WORK ITEM>
Give the listing back in full, exactly as written, with the pictures removed.
+++++
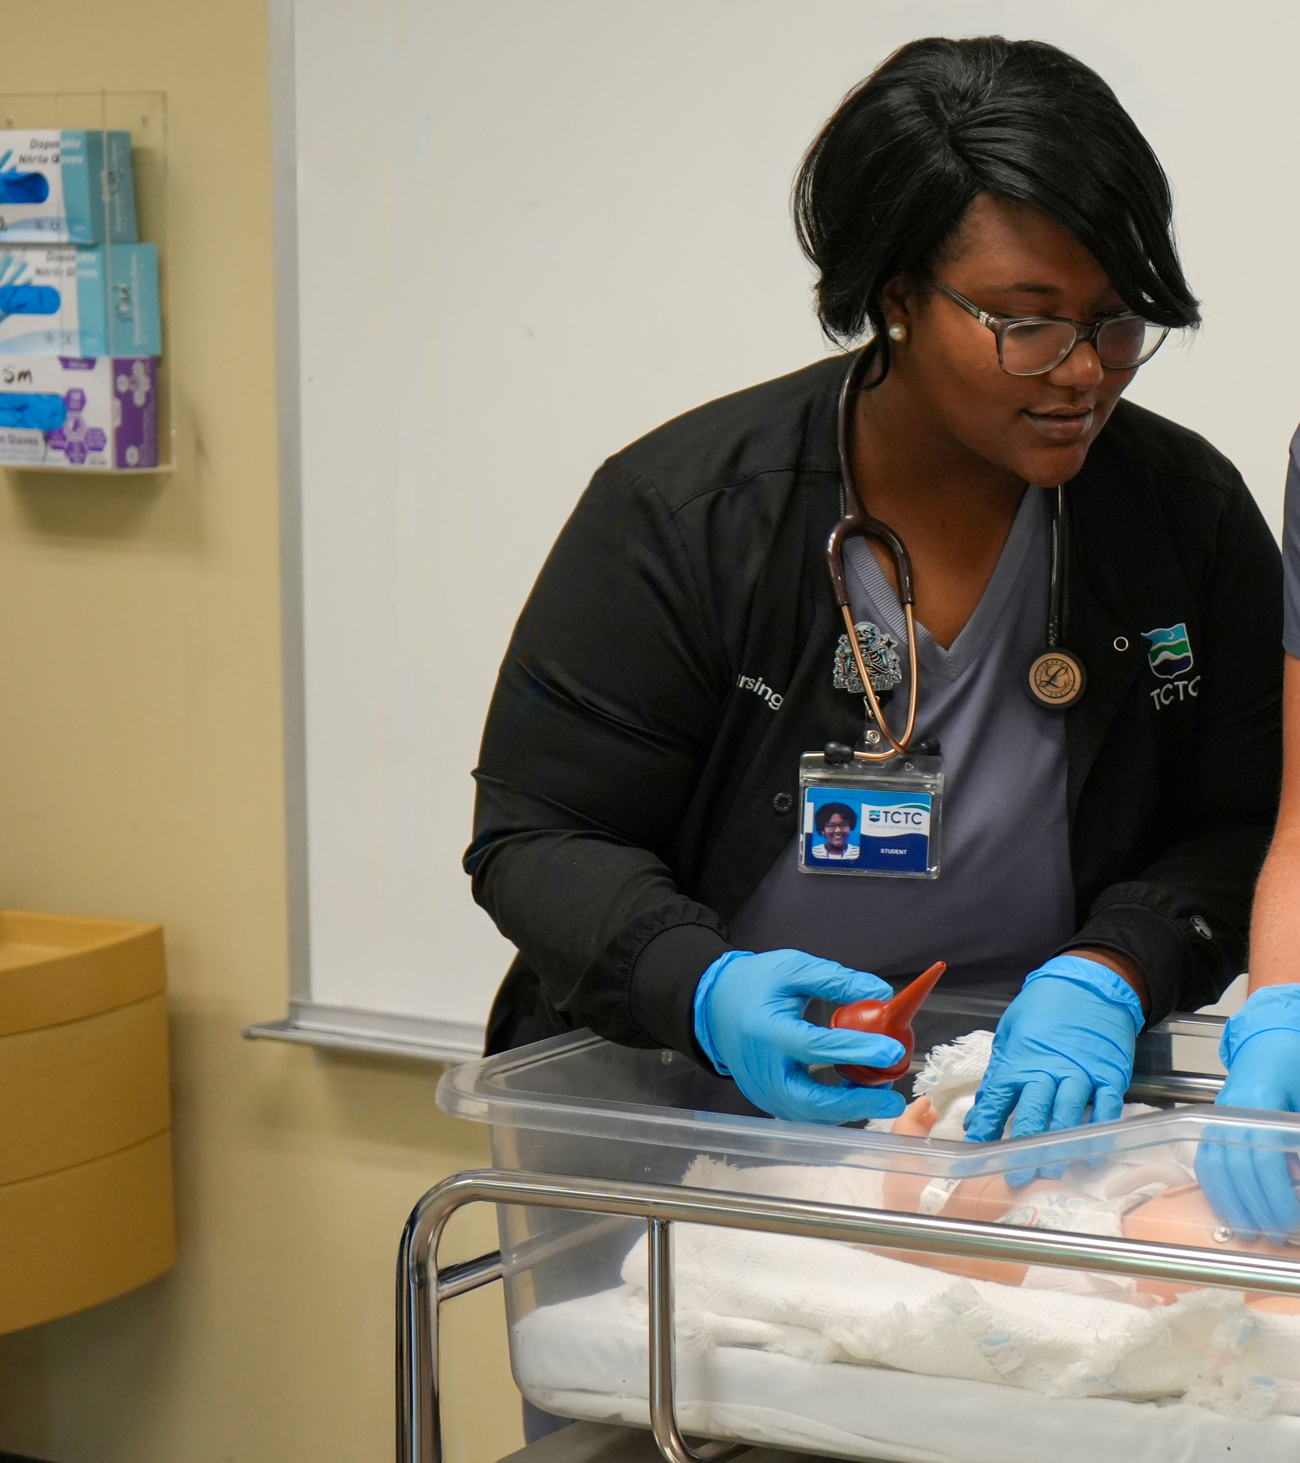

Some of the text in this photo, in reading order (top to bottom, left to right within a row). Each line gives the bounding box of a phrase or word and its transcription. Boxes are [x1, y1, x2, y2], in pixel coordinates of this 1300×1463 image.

[19, 153, 48, 163] Nitrile
[737, 674, 784, 710] rsing
[1150, 675, 1201, 710] TCTC
[883, 811, 923, 825] TCTC
+++++
THE ANSWER>
Some of the text in this photo, in reading order (top to bottom, left to right within a row). Each line gives the bounding box of a phrase or word and its transcription. Boxes are [x1, y1, x2, y2], in pixel coordinates of this 1300×1463 image.

[19, 153, 48, 163] Nitrile
[737, 674, 784, 710] rsing
[1150, 675, 1201, 710] TCTC
[883, 811, 923, 825] TCTC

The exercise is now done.